(Work request)
Would you copy the records exactly, leaving the pictures out?

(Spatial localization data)
▬▬▬

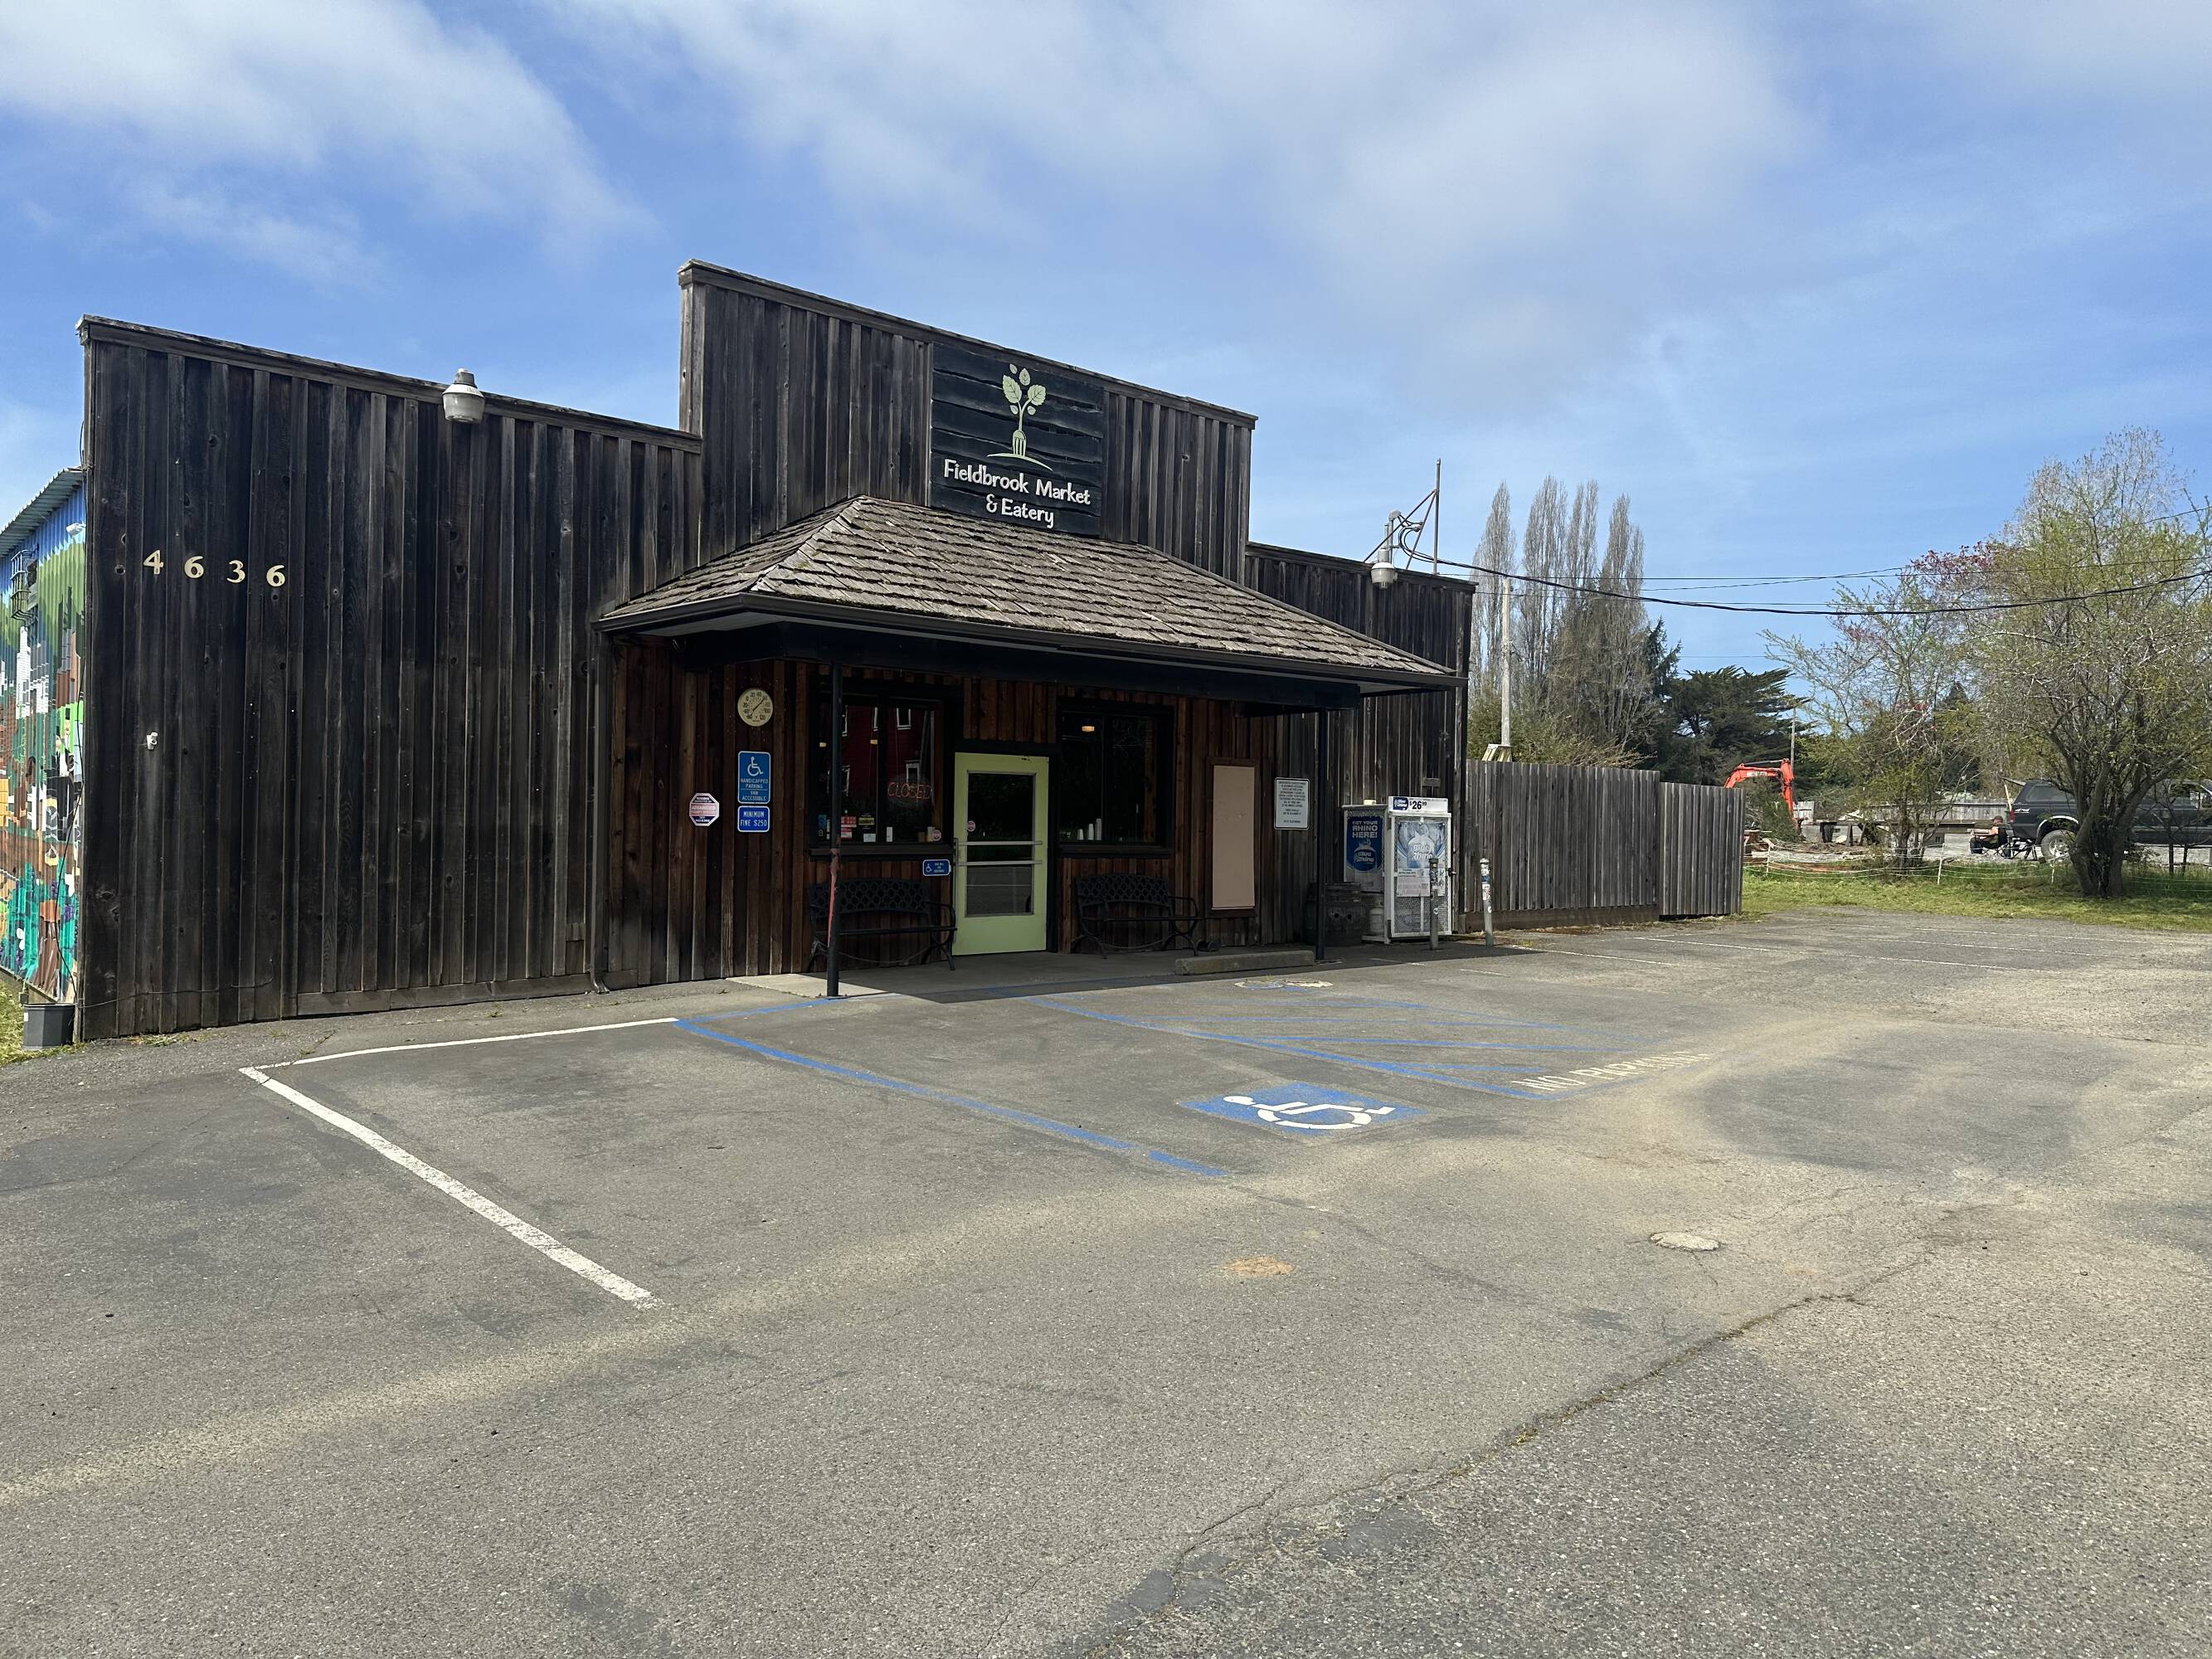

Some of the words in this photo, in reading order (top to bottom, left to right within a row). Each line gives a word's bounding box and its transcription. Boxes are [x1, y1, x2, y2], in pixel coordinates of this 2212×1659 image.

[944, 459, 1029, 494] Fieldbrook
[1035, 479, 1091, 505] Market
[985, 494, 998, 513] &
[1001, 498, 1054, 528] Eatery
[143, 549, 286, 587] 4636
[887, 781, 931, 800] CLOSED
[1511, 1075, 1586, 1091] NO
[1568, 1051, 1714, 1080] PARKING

▬▬▬

(Expected answer)
Some of the words in this photo, in reading order (top to bottom, left to right within a row). Each line gives a word's bounding box and its transcription. Boxes are [x1, y1, x2, y2], in pixel coordinates of this 2212×1659 image.

[944, 459, 1029, 494] Fieldbrook
[1035, 479, 1091, 505] Market
[985, 494, 998, 513] &
[1001, 498, 1054, 528] Eatery
[143, 549, 286, 587] 4636
[887, 781, 931, 800] CLOSED
[1511, 1075, 1586, 1091] NO
[1568, 1051, 1714, 1080] PARKING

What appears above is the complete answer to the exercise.